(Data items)

□ □ □ □

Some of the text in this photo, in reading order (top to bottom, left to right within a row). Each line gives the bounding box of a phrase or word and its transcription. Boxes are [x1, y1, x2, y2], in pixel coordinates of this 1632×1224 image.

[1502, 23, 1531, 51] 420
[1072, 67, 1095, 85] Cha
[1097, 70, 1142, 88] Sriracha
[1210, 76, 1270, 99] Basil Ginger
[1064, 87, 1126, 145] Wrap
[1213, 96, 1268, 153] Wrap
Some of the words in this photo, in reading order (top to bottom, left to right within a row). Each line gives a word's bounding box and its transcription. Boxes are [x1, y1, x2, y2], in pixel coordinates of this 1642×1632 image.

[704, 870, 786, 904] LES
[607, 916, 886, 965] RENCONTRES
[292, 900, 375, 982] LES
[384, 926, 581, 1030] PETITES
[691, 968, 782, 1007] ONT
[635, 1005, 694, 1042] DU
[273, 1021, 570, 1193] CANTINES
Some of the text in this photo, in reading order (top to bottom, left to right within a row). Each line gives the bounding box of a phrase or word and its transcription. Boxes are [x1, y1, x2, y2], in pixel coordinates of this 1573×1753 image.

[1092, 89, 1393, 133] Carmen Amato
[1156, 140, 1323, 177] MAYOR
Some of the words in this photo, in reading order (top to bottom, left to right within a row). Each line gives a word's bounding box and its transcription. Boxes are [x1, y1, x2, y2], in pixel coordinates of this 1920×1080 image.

□ □ □ □

Set down each entry again, exactly as written.

■ Task response
Some of the text in this photo, in reading order (top to bottom, left to right within a row). Each line gives the bounding box of a phrase or word and its transcription. Boxes are [x1, y1, x2, y2], in pixel coordinates of this 1632×1224 image.

[1502, 23, 1531, 51] 420
[1072, 67, 1095, 85] Cha
[1097, 70, 1142, 88] Sriracha
[1210, 76, 1270, 99] Basil Ginger
[1064, 87, 1126, 145] Wrap
[1213, 96, 1268, 153] Wrap
Some of the words in this photo, in reading order (top to bottom, left to right within a row). Each line gives a word's bounding box and its transcription. Boxes are [x1, y1, x2, y2], in pixel coordinates of this 1642×1632 image.

[704, 870, 786, 904] LES
[607, 916, 886, 965] RENCONTRES
[292, 900, 375, 982] LES
[384, 926, 581, 1030] PETITES
[691, 968, 782, 1007] ONT
[635, 1005, 694, 1042] DU
[273, 1021, 570, 1193] CANTINES
Some of the text in this photo, in reading order (top to bottom, left to right within a row). Each line gives the bounding box of a phrase or word and its transcription. Boxes are [x1, y1, x2, y2], in pixel coordinates of this 1573×1753 image.

[1092, 89, 1393, 133] Carmen Amato
[1156, 140, 1323, 177] MAYOR
Some of the words in this photo, in reading order (top to bottom, left to right within a row). Each line gives a word's bounding box and its transcription. Boxes are [x1, y1, x2, y2], in pixel coordinates of this 1920×1080 image.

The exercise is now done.